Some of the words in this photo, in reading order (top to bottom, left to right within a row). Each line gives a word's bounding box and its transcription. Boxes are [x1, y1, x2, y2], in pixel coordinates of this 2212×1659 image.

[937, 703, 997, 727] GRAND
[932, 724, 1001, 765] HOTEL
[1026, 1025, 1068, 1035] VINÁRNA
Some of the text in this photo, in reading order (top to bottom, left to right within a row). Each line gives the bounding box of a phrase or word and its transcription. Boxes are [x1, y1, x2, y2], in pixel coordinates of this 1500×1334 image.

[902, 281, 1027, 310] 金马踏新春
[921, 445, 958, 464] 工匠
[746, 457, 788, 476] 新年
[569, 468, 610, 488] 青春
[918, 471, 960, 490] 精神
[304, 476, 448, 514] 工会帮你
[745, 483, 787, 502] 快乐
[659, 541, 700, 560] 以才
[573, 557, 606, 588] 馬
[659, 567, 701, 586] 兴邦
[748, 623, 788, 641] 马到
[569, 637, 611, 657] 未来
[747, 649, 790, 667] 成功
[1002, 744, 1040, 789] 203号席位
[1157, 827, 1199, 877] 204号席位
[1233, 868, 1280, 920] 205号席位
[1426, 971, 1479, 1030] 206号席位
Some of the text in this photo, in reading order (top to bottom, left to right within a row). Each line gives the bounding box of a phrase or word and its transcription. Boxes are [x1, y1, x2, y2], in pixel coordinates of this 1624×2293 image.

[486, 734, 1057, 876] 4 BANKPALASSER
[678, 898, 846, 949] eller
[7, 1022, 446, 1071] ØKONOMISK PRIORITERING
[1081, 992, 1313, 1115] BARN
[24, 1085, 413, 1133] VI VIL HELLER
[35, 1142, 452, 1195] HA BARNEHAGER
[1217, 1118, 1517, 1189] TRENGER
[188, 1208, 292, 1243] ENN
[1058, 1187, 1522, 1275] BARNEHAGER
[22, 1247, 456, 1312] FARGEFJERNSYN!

------------------------------------------------

Work to be completed: Nothing in the material above may be skipped, so reproduce it all exactly.

Task output:
Some of the words in this photo, in reading order (top to bottom, left to right within a row). Each line gives a word's bounding box and its transcription. Boxes are [x1, y1, x2, y2], in pixel coordinates of this 2212×1659 image.

[937, 703, 997, 727] GRAND
[932, 724, 1001, 765] HOTEL
[1026, 1025, 1068, 1035] VINÁRNA
Some of the text in this photo, in reading order (top to bottom, left to right within a row). Each line gives the bounding box of a phrase or word and its transcription. Boxes are [x1, y1, x2, y2], in pixel coordinates of this 1500×1334 image.

[902, 281, 1027, 310] 金马踏新春
[921, 445, 958, 464] 工匠
[746, 457, 788, 476] 新年
[569, 468, 610, 488] 青春
[918, 471, 960, 490] 精神
[304, 476, 448, 514] 工会帮你
[745, 483, 787, 502] 快乐
[659, 541, 700, 560] 以才
[573, 557, 606, 588] 馬
[659, 567, 701, 586] 兴邦
[748, 623, 788, 641] 马到
[569, 637, 611, 657] 未来
[747, 649, 790, 667] 成功
[1002, 744, 1040, 789] 203号席位
[1157, 827, 1199, 877] 204号席位
[1233, 868, 1280, 920] 205号席位
[1426, 971, 1479, 1030] 206号席位
Some of the text in this photo, in reading order (top to bottom, left to right within a row). Each line gives the bounding box of a phrase or word and its transcription. Boxes are [x1, y1, x2, y2], in pixel coordinates of this 1624×2293 image.

[486, 734, 1057, 876] 4 BANKPALASSER
[678, 898, 846, 949] eller
[7, 1022, 446, 1071] ØKONOMISK PRIORITERING
[1081, 992, 1313, 1115] BARN
[24, 1085, 413, 1133] VI VIL HELLER
[35, 1142, 452, 1195] HA BARNEHAGER
[1217, 1118, 1517, 1189] TRENGER
[188, 1208, 292, 1243] ENN
[1058, 1187, 1522, 1275] BARNEHAGER
[22, 1247, 456, 1312] FARGEFJERNSYN!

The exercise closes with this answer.